Extracted records
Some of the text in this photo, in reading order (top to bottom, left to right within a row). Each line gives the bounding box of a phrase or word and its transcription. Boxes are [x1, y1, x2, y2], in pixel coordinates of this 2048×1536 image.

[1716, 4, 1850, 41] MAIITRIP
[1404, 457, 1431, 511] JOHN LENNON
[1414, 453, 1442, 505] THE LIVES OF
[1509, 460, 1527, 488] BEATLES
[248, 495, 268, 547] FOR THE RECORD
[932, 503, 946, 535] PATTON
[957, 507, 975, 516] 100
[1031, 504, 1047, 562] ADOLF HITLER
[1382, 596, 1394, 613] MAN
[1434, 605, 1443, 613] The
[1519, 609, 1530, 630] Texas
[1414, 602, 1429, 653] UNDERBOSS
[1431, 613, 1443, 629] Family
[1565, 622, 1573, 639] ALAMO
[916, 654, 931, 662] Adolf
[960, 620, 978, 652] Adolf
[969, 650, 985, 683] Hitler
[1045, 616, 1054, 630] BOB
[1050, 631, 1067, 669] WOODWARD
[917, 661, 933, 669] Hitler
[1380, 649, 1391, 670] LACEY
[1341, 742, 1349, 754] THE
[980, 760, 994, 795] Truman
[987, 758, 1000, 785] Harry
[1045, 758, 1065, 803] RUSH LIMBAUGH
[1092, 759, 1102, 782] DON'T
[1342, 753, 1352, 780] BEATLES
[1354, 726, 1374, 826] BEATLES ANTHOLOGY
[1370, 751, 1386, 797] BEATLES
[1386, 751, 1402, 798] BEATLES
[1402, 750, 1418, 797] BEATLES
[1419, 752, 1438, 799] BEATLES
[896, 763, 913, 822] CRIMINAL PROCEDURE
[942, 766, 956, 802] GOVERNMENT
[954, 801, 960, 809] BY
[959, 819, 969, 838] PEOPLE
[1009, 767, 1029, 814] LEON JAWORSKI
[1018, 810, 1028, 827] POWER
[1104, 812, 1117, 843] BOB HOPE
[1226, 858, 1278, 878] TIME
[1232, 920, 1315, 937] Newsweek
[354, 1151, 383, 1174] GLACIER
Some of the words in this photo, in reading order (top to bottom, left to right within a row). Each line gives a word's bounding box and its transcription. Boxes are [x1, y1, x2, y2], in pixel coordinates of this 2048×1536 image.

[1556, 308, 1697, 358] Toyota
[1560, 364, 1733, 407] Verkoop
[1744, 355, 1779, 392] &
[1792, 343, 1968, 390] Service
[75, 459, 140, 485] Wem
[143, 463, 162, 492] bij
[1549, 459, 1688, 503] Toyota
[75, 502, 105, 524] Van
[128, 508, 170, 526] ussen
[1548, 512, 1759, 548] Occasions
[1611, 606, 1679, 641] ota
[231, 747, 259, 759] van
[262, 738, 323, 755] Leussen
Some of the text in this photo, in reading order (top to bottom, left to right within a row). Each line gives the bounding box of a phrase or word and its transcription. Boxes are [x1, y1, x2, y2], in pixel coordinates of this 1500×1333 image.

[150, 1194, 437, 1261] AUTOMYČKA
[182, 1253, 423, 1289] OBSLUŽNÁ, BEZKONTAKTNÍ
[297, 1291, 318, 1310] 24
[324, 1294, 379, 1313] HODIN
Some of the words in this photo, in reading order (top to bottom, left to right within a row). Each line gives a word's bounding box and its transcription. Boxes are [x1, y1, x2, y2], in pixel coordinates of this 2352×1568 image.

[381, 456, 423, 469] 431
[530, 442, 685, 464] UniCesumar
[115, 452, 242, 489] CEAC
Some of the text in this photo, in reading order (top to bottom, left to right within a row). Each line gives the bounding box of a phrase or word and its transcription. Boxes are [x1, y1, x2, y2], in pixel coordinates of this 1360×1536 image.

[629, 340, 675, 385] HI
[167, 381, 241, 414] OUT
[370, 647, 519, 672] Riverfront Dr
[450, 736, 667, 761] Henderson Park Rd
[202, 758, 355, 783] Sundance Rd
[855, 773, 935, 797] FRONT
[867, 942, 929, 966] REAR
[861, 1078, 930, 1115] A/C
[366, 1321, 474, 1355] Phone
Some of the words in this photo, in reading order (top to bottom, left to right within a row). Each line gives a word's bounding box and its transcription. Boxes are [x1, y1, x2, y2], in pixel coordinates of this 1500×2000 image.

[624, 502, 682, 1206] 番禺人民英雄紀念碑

Exercise directions
All that is wanted is the line with "this 1500×2000 image." and every later line in the entries, reproduced exactly.

Your response
Some of the words in this photo, in reading order (top to bottom, left to right within a row). Each line gives a word's bounding box and its transcription. Boxes are [x1, y1, x2, y2], in pixel coordinates of this 1500×2000 image.

[624, 502, 682, 1206] 番禺人民英雄紀念碑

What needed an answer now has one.